WORK INSTRUCTION: Return each line of the data below verbatim; pictures are to be left out.

RECORD SET:

= Beginning of Section =

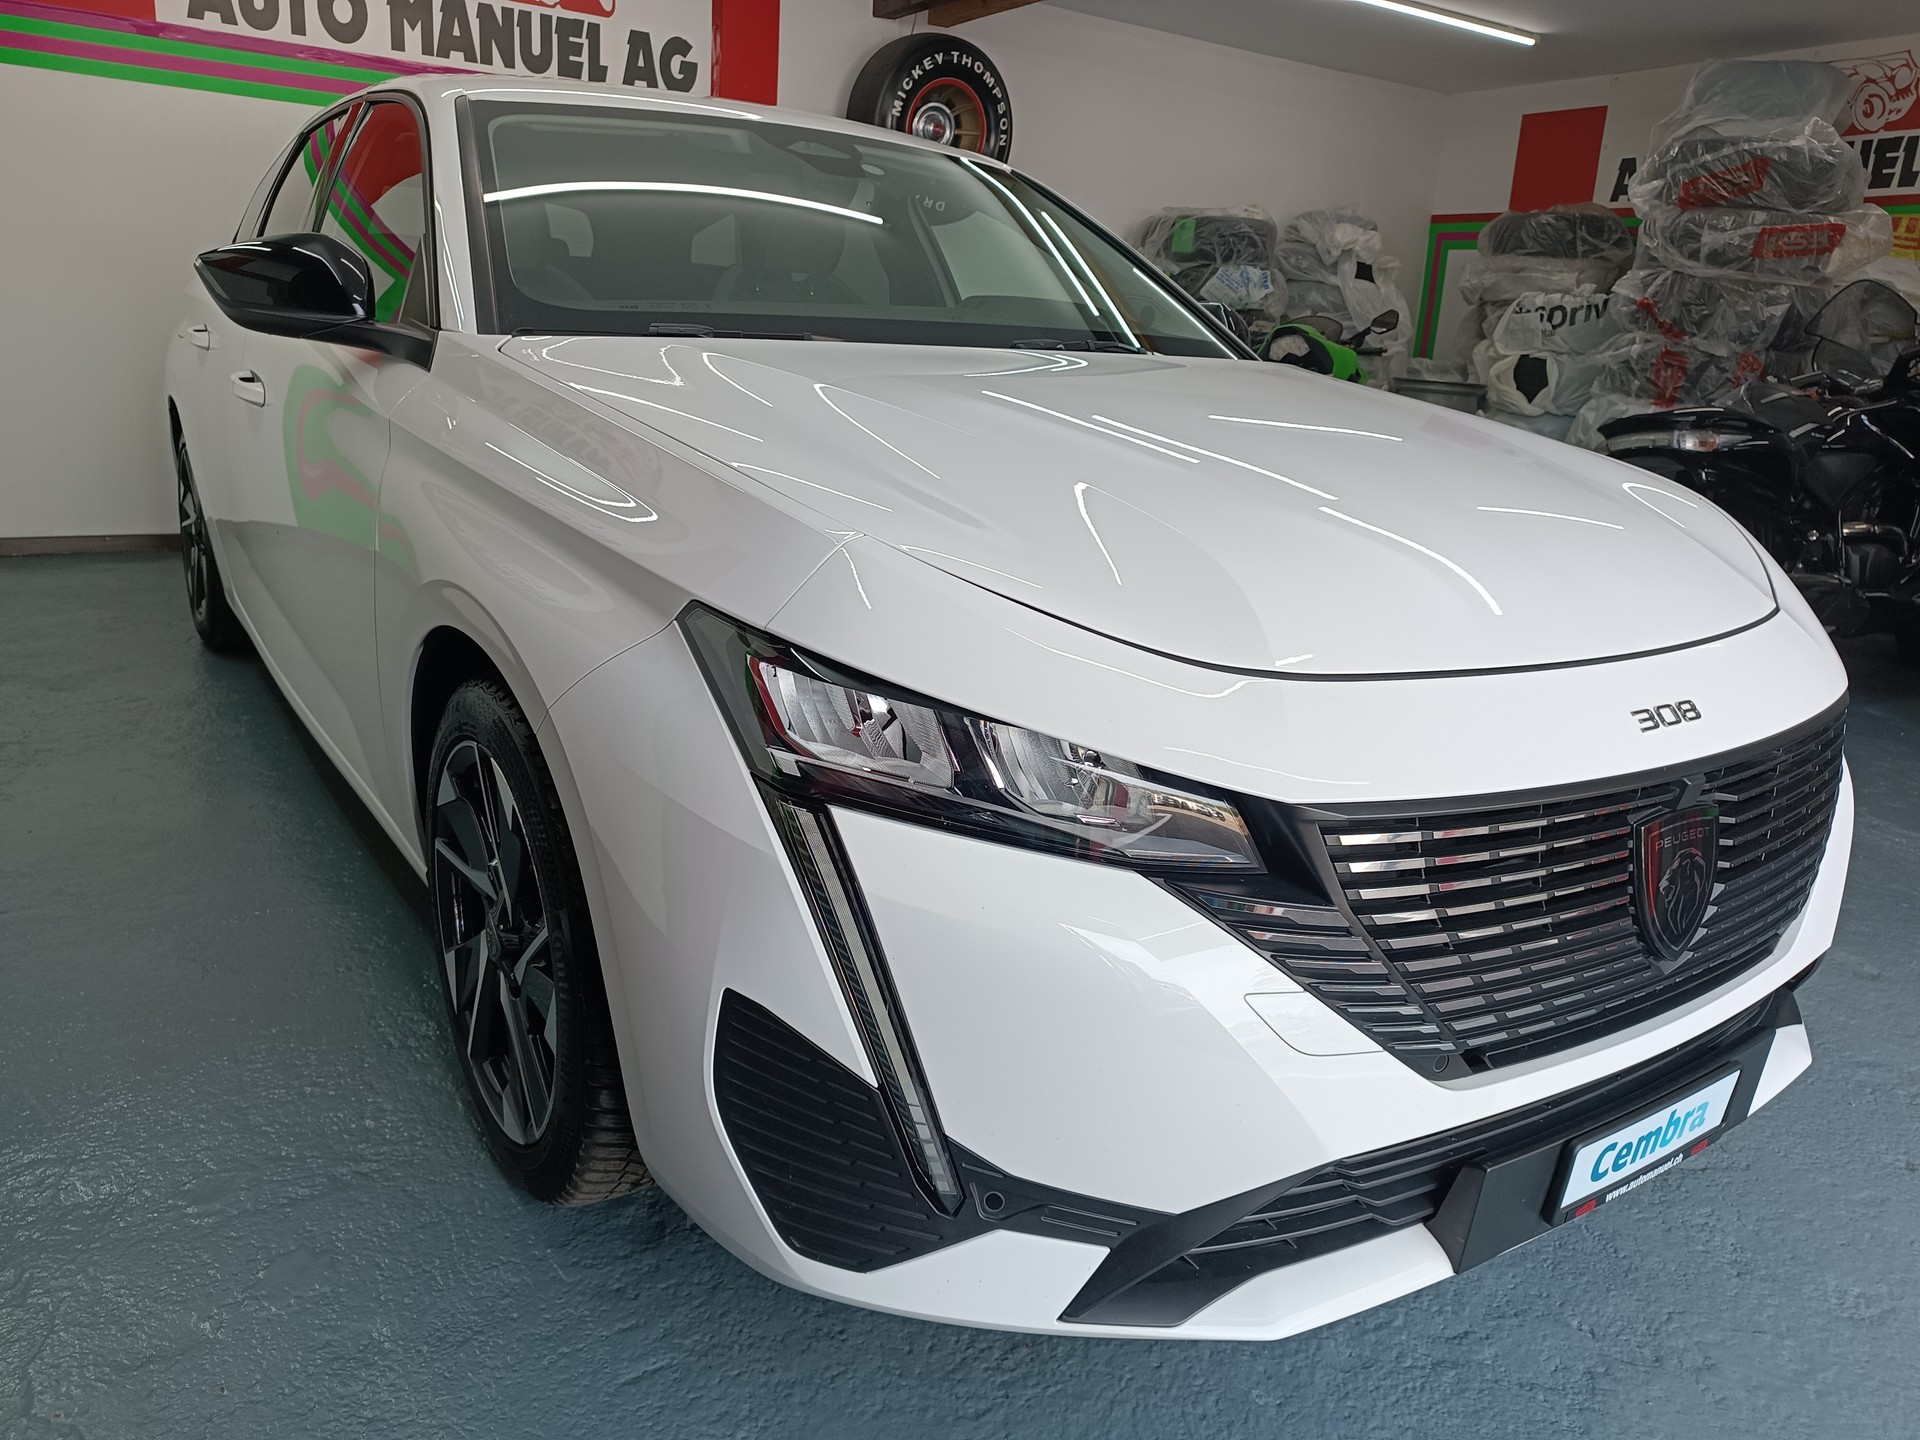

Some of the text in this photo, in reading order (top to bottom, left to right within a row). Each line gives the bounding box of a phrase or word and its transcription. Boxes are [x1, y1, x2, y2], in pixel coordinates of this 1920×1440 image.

[386, 0, 608, 83] MANUEL
[622, 29, 699, 93] AG
[891, 51, 1009, 146] MICKEY THOMPSON
[1630, 699, 1702, 734] 308
[1655, 826, 1711, 852] PEUGEOT
[1590, 1101, 1710, 1183] Cembra
[1605, 1152, 1685, 1203] www.automanuel.ch
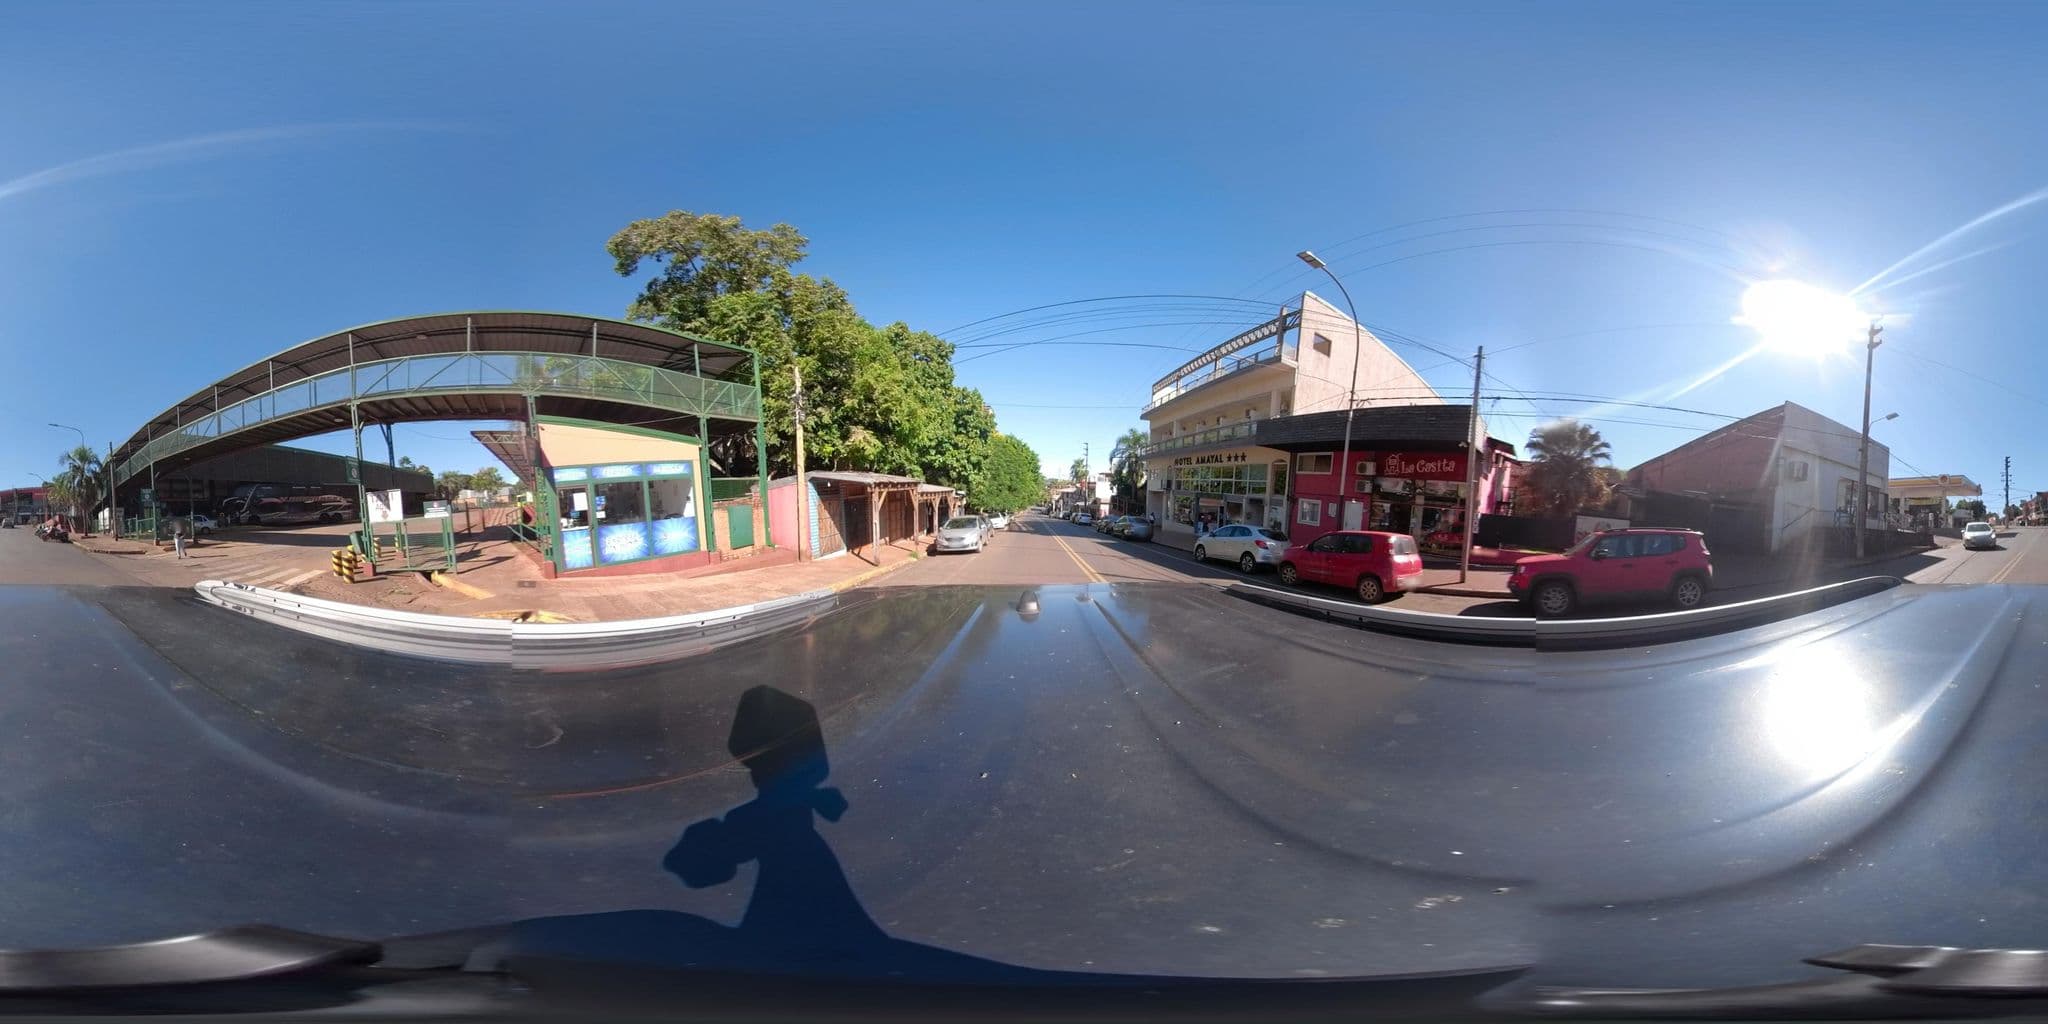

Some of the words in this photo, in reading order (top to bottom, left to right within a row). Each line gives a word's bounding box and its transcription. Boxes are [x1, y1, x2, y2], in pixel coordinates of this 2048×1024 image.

[1174, 457, 1193, 466] HOTEL
[1195, 454, 1224, 464] AMAYAL
[1401, 461, 1415, 474] La
[1416, 459, 1457, 473] Casita
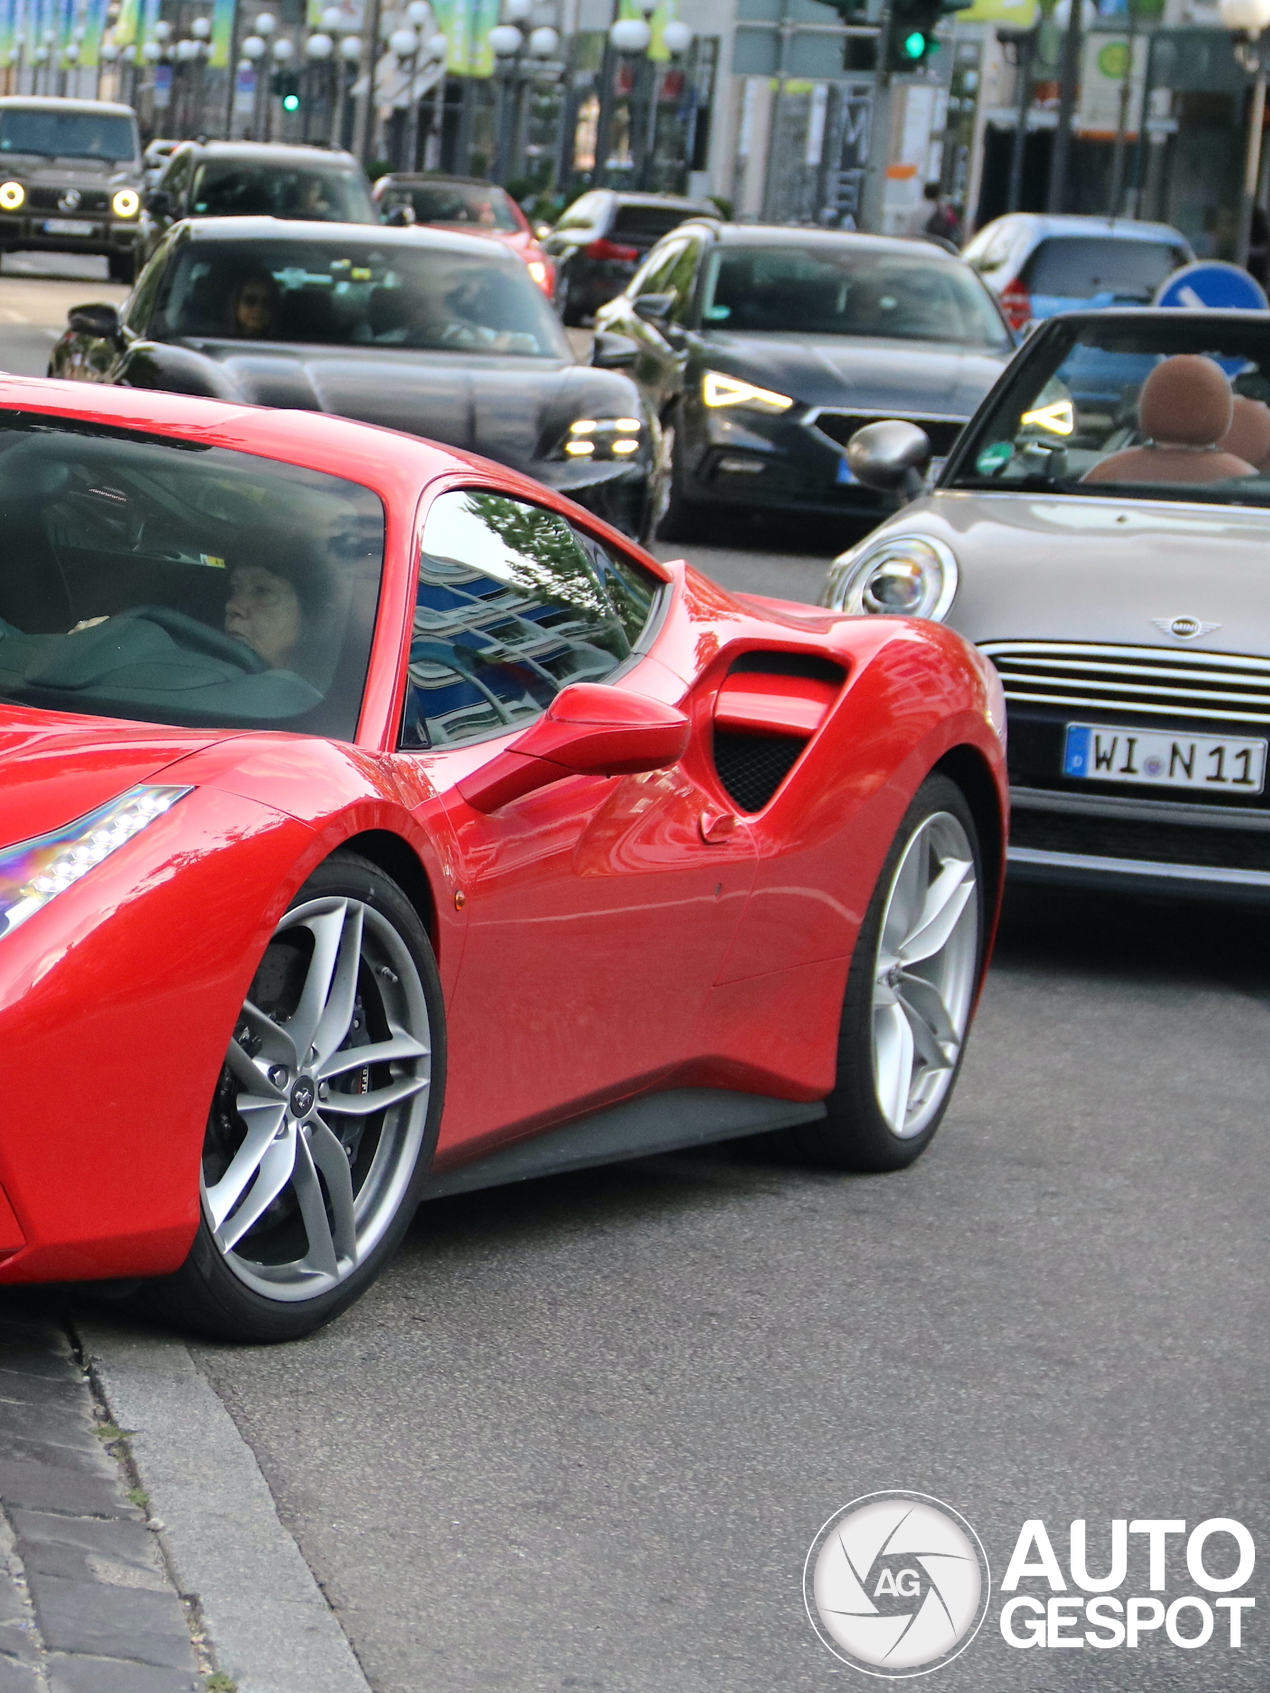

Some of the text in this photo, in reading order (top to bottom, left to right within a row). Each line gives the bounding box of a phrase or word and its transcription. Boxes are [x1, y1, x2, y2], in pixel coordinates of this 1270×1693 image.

[1173, 622, 1199, 632] MINI
[1094, 734, 1139, 775] WI
[1169, 742, 1196, 780] N
[1205, 745, 1255, 785] 11

= End of Section =

PROBLEM SOLUTION:
Some of the text in this photo, in reading order (top to bottom, left to right within a row). Each line gives the bounding box of a phrase or word and its transcription. Boxes are [x1, y1, x2, y2], in pixel coordinates of this 1920×1440 image.

[386, 0, 608, 83] MANUEL
[622, 29, 699, 93] AG
[891, 51, 1009, 146] MICKEY THOMPSON
[1630, 699, 1702, 734] 308
[1655, 826, 1711, 852] PEUGEOT
[1590, 1101, 1710, 1183] Cembra
[1605, 1152, 1685, 1203] www.automanuel.ch

Some of the words in this photo, in reading order (top to bottom, left to right within a row). Each line gives a word's bounding box and its transcription. Boxes are [x1, y1, x2, y2], in pixel coordinates of this 2048×1024 image.

[1174, 457, 1193, 466] HOTEL
[1195, 454, 1224, 464] AMAYAL
[1401, 461, 1415, 474] La
[1416, 459, 1457, 473] Casita

Some of the text in this photo, in reading order (top to bottom, left to right within a row). Each line gives the bounding box of a phrase or word and its transcription. Boxes are [x1, y1, x2, y2], in pixel coordinates of this 1270×1693 image.

[1173, 622, 1199, 632] MINI
[1094, 734, 1139, 775] WI
[1169, 742, 1196, 780] N
[1205, 745, 1255, 785] 11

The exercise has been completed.